Marigolds are well-known for their beautiful blossoms and fragrant aroma, but are they indeed capable of deterring pests from your garden? 

Can marigolds keep garden pests at bay? There are four significant advantages to planting marigolds in your garden.

Marigolds are versatile flowers that look beautiful in various settings, from hanging baskets to ornamental borders. We can even include them in our vegetable gardens.

These beautiful flowers may provide color and variation to a patch of growing crops, but how effective are they at repelling pests?

The four primary advantages of planting them in your garden.

Garden pests are one of the most aggravating issues that gardeners confront, especially those that grow various plants, foliage, and vegetables.
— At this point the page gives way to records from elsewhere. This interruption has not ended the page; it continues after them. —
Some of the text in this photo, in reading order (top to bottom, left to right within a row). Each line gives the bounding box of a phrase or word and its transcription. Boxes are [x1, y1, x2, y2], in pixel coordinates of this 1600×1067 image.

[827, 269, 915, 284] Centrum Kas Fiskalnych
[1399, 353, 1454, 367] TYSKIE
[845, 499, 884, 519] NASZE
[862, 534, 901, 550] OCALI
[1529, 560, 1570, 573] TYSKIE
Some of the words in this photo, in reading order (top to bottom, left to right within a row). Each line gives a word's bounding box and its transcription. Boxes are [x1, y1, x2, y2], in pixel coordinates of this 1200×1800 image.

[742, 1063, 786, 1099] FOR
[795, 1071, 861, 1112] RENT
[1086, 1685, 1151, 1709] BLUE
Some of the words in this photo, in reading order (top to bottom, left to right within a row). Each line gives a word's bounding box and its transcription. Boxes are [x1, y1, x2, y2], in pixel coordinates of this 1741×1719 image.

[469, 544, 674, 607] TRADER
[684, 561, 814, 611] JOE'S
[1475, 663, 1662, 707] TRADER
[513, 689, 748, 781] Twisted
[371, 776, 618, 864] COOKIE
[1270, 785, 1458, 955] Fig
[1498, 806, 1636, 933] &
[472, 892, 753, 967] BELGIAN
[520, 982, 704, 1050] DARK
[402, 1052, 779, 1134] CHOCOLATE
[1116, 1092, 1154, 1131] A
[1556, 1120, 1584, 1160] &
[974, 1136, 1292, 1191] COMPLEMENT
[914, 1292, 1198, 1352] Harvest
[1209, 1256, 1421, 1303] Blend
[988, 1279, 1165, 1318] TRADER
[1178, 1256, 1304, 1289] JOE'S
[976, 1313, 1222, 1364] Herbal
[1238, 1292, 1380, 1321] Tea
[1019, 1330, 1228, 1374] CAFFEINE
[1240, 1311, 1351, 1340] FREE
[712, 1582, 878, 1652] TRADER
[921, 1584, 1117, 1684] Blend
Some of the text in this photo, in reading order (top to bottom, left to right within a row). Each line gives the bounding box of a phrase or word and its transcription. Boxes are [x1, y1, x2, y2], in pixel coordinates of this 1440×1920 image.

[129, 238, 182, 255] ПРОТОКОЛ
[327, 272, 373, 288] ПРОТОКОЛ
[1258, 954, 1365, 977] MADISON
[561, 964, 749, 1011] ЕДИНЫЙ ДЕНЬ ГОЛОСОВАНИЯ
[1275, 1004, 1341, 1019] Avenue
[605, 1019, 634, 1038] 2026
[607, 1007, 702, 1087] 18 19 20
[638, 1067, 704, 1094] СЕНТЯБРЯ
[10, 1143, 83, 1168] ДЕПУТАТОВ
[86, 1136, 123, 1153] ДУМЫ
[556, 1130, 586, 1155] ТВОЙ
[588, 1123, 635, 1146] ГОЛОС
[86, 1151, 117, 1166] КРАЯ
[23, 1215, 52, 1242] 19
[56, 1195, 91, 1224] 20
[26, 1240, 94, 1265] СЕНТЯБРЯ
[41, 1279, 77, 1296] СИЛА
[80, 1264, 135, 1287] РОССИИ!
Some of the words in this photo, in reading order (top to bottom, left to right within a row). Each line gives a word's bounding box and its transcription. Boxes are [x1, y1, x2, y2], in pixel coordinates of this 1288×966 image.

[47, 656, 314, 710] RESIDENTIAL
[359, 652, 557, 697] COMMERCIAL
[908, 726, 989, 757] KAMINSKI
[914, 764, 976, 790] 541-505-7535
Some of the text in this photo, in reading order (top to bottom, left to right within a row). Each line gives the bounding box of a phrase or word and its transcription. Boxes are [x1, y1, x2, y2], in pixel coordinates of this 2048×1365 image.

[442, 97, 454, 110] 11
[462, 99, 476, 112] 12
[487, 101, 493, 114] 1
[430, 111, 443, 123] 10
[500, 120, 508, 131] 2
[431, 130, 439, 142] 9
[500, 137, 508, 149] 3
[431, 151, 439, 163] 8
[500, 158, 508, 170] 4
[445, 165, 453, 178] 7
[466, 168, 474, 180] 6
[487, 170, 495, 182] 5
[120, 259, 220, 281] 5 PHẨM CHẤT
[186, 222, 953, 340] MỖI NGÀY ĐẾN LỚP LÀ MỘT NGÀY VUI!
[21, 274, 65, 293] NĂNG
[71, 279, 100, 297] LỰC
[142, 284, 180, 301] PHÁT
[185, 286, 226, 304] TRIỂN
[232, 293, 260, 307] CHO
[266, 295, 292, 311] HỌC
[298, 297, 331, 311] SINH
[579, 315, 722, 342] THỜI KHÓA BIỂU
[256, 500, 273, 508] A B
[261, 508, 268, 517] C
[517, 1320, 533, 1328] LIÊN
There are several natural solutions to keep unwanted visitors away from developing plants, whether they are aphids, slugs, or rats.

Companion planting is one of the most successful ways to keep garden pests at bay, but what makes marigolds beneficial? How can you put them to use in your backyard?

Various plant combinations help to ward off everything from mice to bugs that visit your crops, and marigolds are simply one of the more visually appealing pest cures to attempt.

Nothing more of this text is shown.